Amy Woodson-Boulton is professor of British and Irish history and past chair of the Department of History at Loyola Marymount University in Los Angeles, California. She holds a B.A. from UC Berkeley and an M.A. and Ph.D from UCLA. Her work concentrates on cultural reactions to industrialization in Britain, particularly the history of museums, the social role of art, and the changing status and meaning of art and nature in modern society. Published work includes articles and book chapters as well as her monograph Transformative Beauty: Art Museums in Industrial Britain (Stanford, 2012) and a volume that she coedited with Minsoo Kang, Visions of the Industrial Age, 1830–1914: Modernity and the Anxiety of Representation (Routledge, 2008). She is currently working on a book-length study of ideas about “primitive art” in anthropology and art criticism, tentatively titled Explaining Art: Nature, Authentic Culture, and the Search for Origins in the Age of Empire. She teaches courses on British, Irish, modern European, imperial, and global history, with a focus on museum studies and cultural, public, and environmental history. She has presented to numerous scholarly and community groups, including work on the history of art and anthropology museums, the legacy of John Ruskin, and the environmental crises of plastics and climate change.

Education

University of California at Los Angeles

Ph.D.

History

2003

University of California at Los Angeles

M.A.

History

1999

University of California at Berkeley

B.A

History

1994

Social

Areas of Expertise

Environmental History
British History
Anthropology
Imperialism
Museum Studies
Art History
European History
History

Accomplishments

Elected Companion of the Guild of St. George

2016-04-08

Driven by his deep faith in social justice, John Ruskin established the Guild of St George in the 1870s to right some of the social wrongs of the day and make England a happier and more beautiful place in which to live and work. More active than ever before, we continue to promote the value of art, craftsmanship and a sustainable rural economy, putting Ruskin's ideas into practice in the 21st century.
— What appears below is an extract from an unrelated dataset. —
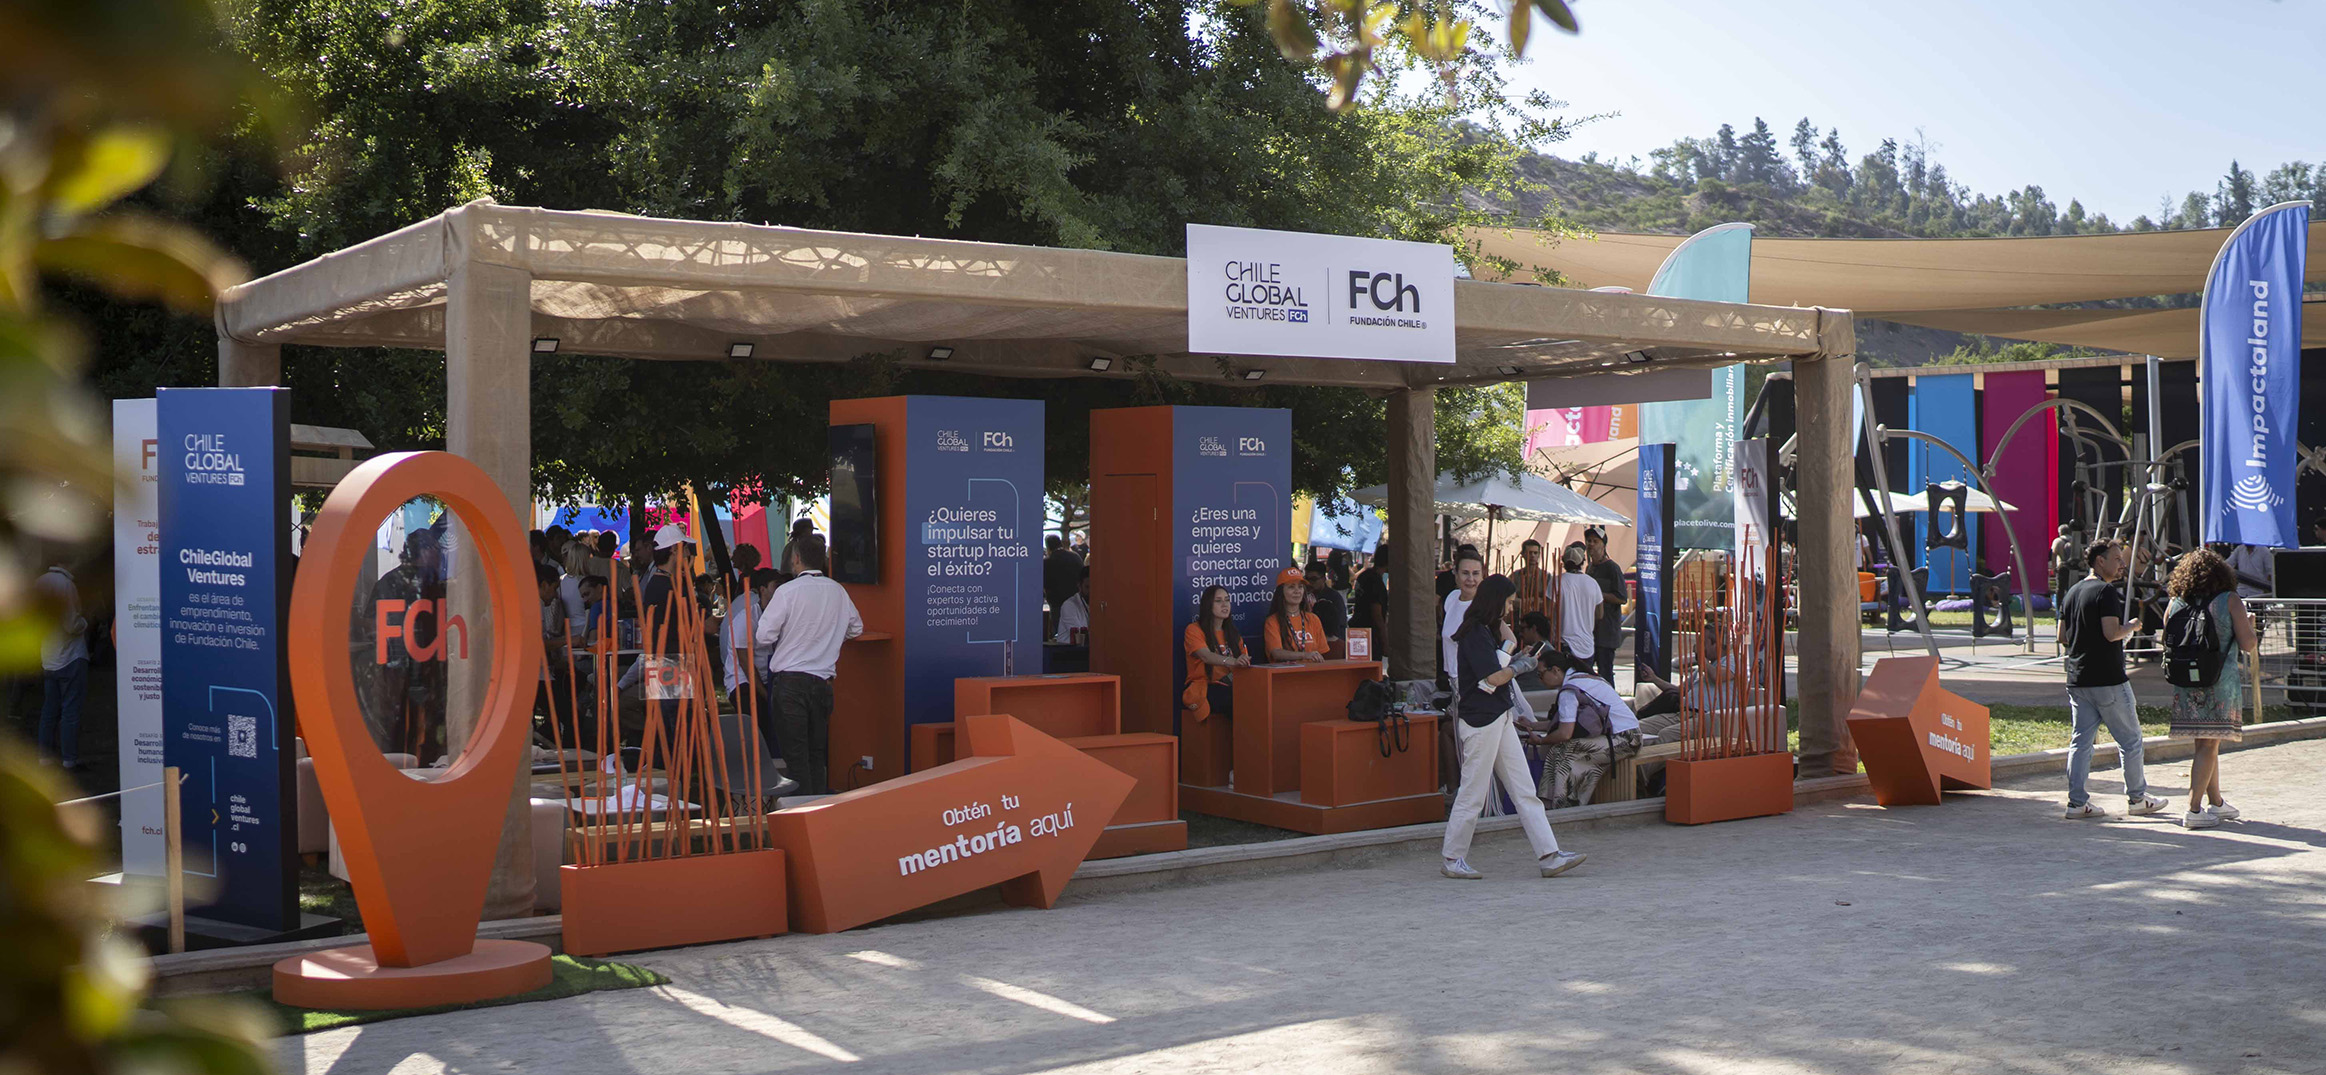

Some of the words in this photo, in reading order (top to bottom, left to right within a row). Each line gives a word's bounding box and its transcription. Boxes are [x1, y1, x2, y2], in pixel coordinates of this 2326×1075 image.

http://www.guildofstgeorge.org.uk/

Affiliations

  • North American Victorian Studies Association
  • Pacific Coast Conference on British Studies
  • North American Conference on British Studies
  • Advisory Board, Victorian Interdisciplinary Studies Association of the Western United States

Sample Talks

Ruskin and the Plastic Crisis, Or “Modern Manufacture and Design,” 2022

Plastic is now evidence in the rock strata for the Anthropocene as a geological epoch and embodies multiple aspects of our current crises: our disposable economy, reliance on fossil fuels, rapidly changing climate, and the unevenly distributed toxic effects at all stages of plastic’s production, use, and disposal. Now that microplastics are everywhere from the air to the ocean to human blood, Ruskin’s sense of both “modern manufacture” and the “storm-cloud” of uncontrolled production and pollution has taken on new meaning. Thinking about Ruskin and plastic together can give us ideas and materials for thinking through the intertwined problems of systemic racism, mass production, hidden costs, art and design, and extractive economies.
https://youtu.be/hLsx9H6GqZ4

Research Grants

Andrew W. Mellon Foundation Grant

Huntington Library, Museum, and Art Gallery

2025-04-01

Book project: The Nature of Primitive Art: How Victorian Anthropology Made Britain Modern

Chapter 4, “Salvaged Ruins and Vanishing Futures: Ancient Monuments, ‘Primitive’ Art, and Historic Preservation.”

As they expanded their global empire, the British developed exhibitions, anthropological discourse, preservation movements, and extensive museum holdings, but scholars rarely consider these together. Britons worked both to “salvage” what was left of the “disappearing” peoples in the colonies and to preserve or protect traditional culture and ancient monuments at home from the same self-created juggernaut of change. At a time when “prehistory” became a common term and way to conceptualize deep time, British lawmakers and cultural leaders worked to protect prehistoric ruins and ancient monuments from restoration, urbanization, and expanding railways. This effort took multiple forms, such as the Society for the Protection of Ancient Buildings, founded in 1877 to stop architectural “restoration,” or the 1882 Ancient Monuments Act, to catalogue and preserve ancient sites such as standing stones. Overlapping networks of anthropologists and preservationists tried to save what would not otherwise survive their modern, technological society, defined by extraction, mass production, and mass consumption. Outsiders and social critics often did this in much deeper despair, hoping for better times even as they recognized the loss of much that they held dear (e.g., John Ruskin, William Morris, and the movements they led and inspired). Who decided what survived and what did not? How much did their work influence each other? How much were they in conversation? The Huntington collections will let me address such questions about the past that continue to resonate today, in the institutions and historic sites still shaped by these nineteenth-century movements. Monumental exhibitions, museal landscapes of ancient ruins and medieval buildings, and collections of “salvaged” artifacts all contributed to a shared vision of the future as industrial, capitalist, and led by “Westerners,” who would use technology to control the natural world. This vision still haunts us.

Courses

Art and Power

First Year Seminar

Modern Global Environmental History

This lower-division history course covers modern global history, c. 1500 to the present, with a particular focus on environmental history, exploring how humans, animals, natural forces, and science and technology have shaped the environment; the ways in which historical developments such as migration, empire, trade, industrialization, and urbanization have affected humans’ relationships with nature; and how the environment has affected historical developments. Students will consider a wide variety of economic, political, and cultural conceptions of – and relationships with – environments, animals, and “nature.”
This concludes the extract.